In linea di massima, chi è alla guida di un'impresa privata vuole innanzi tutto favorirne la crescita: e se le segnalazioni informali hanno la meglio sugli altri metodi non si deve necessariamente credere che questo discenda dal permanere di una cultura della raccomandazione. Ci sarà anche questo, ma va detto che sul mercato il titolare della piccola azienda che assuma come contabile un amico, sacrificando un candidato migliore, potrebbe pagare a caro prezzo questa decisione. Tali situazioni sicuramente esisteranno, ma non descrivono per intero la realtà.

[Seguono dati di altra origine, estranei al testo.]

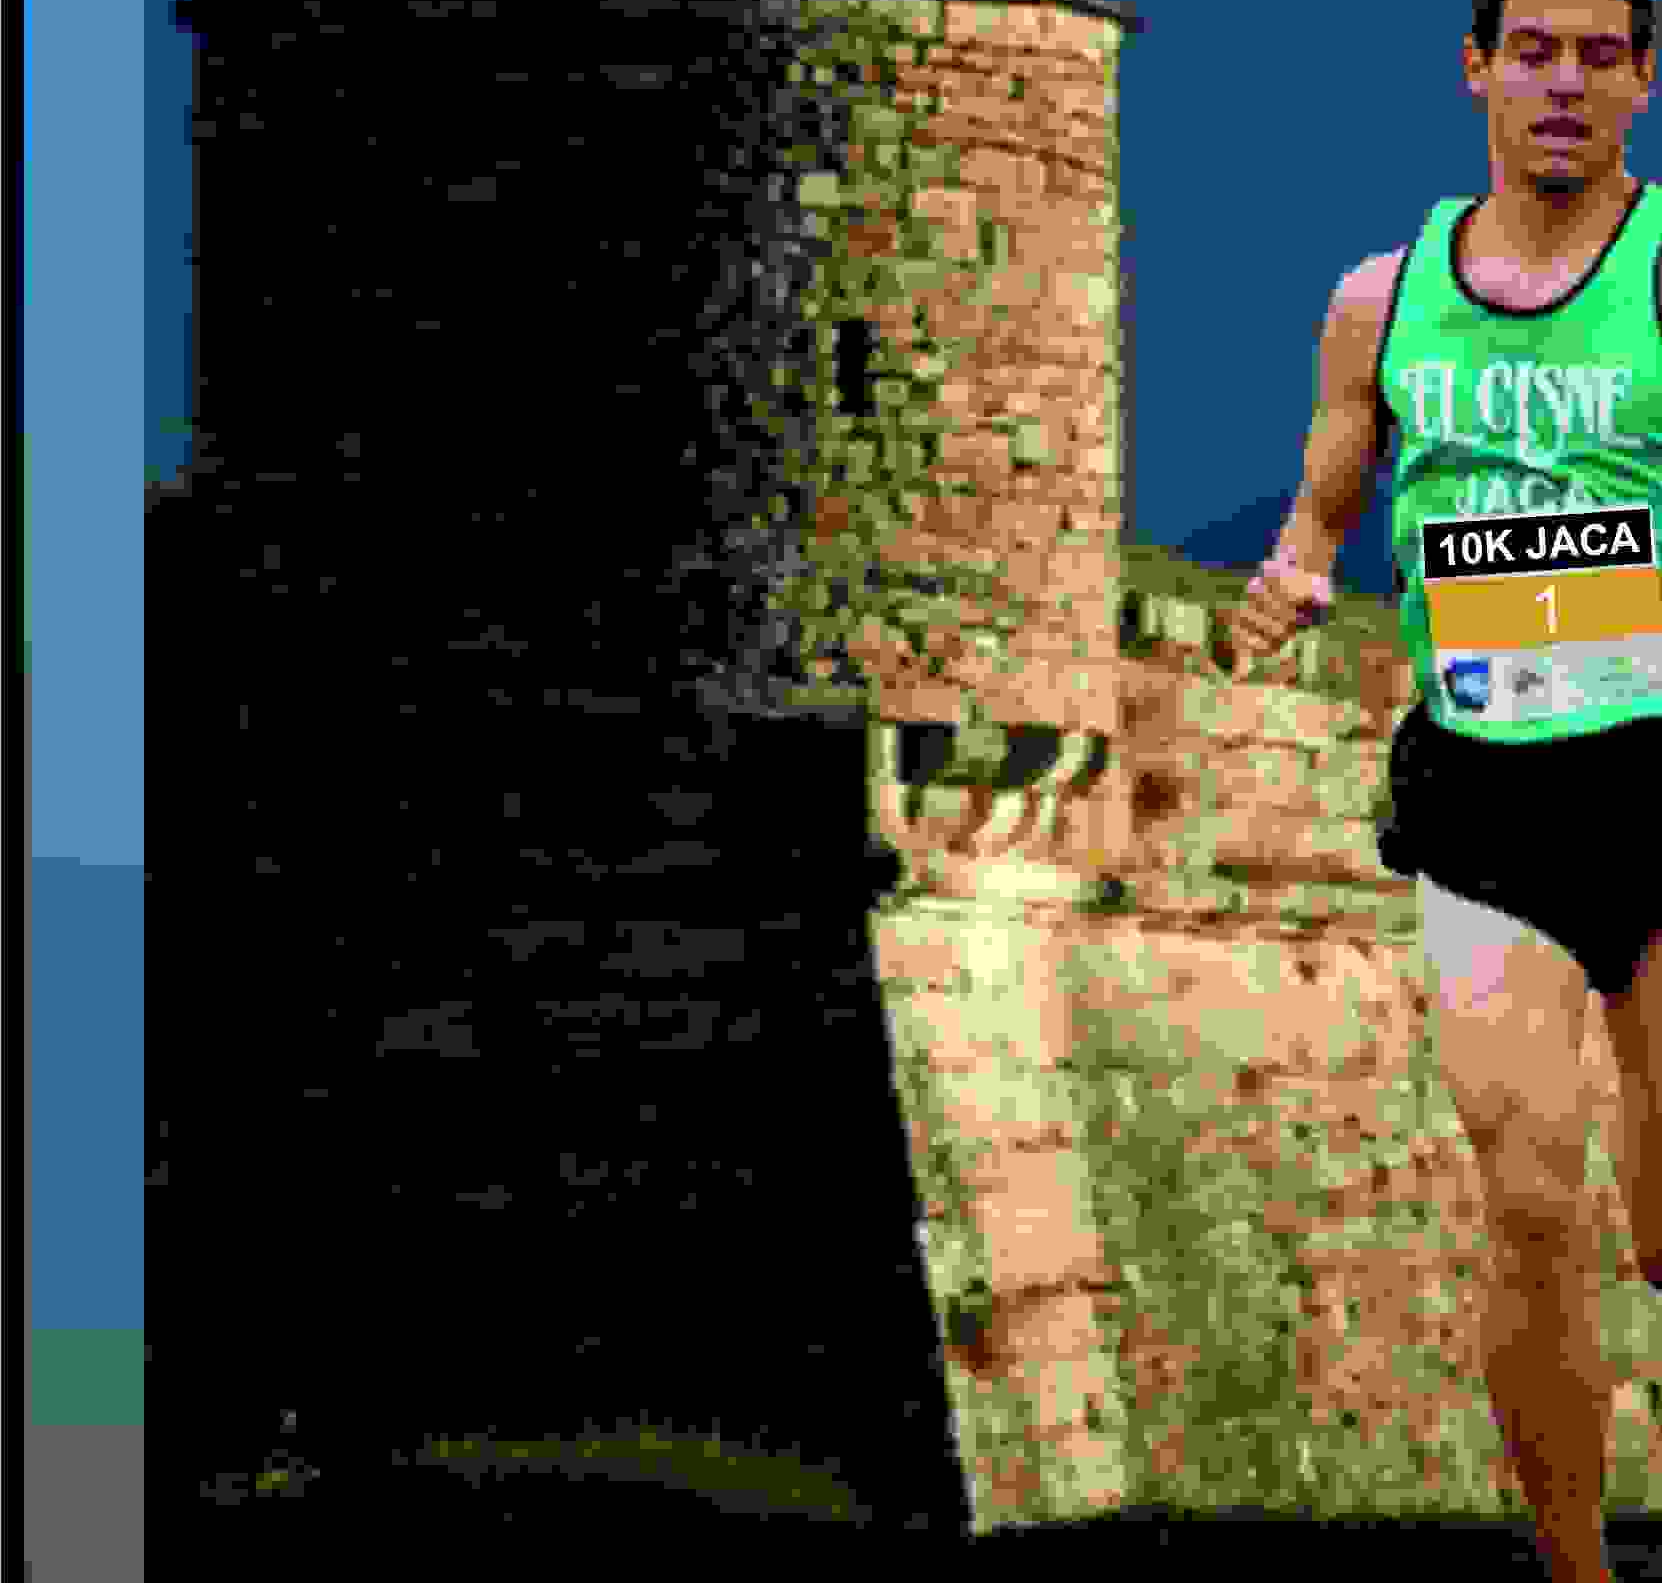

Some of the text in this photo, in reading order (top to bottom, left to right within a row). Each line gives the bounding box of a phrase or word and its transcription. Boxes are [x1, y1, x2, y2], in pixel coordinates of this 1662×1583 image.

In effetti, se i rapporti personali sono tanto importanti questo discende dal fatto che in azienda talora è cruciale poter contare su legami in senso lato «comunitari» che inducano ognuno a dare il meglio, essere corretto, evitare comportamenti opportunistici. In questo senso talvolta può essere razionale privilegiare il parente e lasciare a casa uno sconosciuto un po’ più competente, se nel primo caso si è in condizione di evitare sorprese. Questo significa che se le abilità sono importanti, non bisogna sottovalutare quelle caratteristiche morali - anche connesse a dati culturali e temperamentali - che si possono comprendere meglio grazie ai canali informali. E non a caso nel diffondere questi dati l'indagine Excelsior 2011 ha rilevato l'importanza crescente degli stage, che aiutano l'impresa a «pesare» il candidato in tutte le sue potenzialità.

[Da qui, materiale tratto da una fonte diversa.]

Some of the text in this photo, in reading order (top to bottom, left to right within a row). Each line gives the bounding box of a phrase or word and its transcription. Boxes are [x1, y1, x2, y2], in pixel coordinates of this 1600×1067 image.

Se questo studio forse mette in crisi il mito del curriculum, è perché nel mondo reale conta il curriculum e contano le esperienze professionali, ma ancor sono importanti quelle qualità e attitudini che emergono solo alla prova dei fatti. È una rivincita dell'esperienza sulla teoria, dei fatti sulle teorie, della concretezza sull'astrazione. Ed è anche la presa d'atto che il mercato reale non è un meccanismo anonimo e vive di rapporti personali assai più di quanto non si creda.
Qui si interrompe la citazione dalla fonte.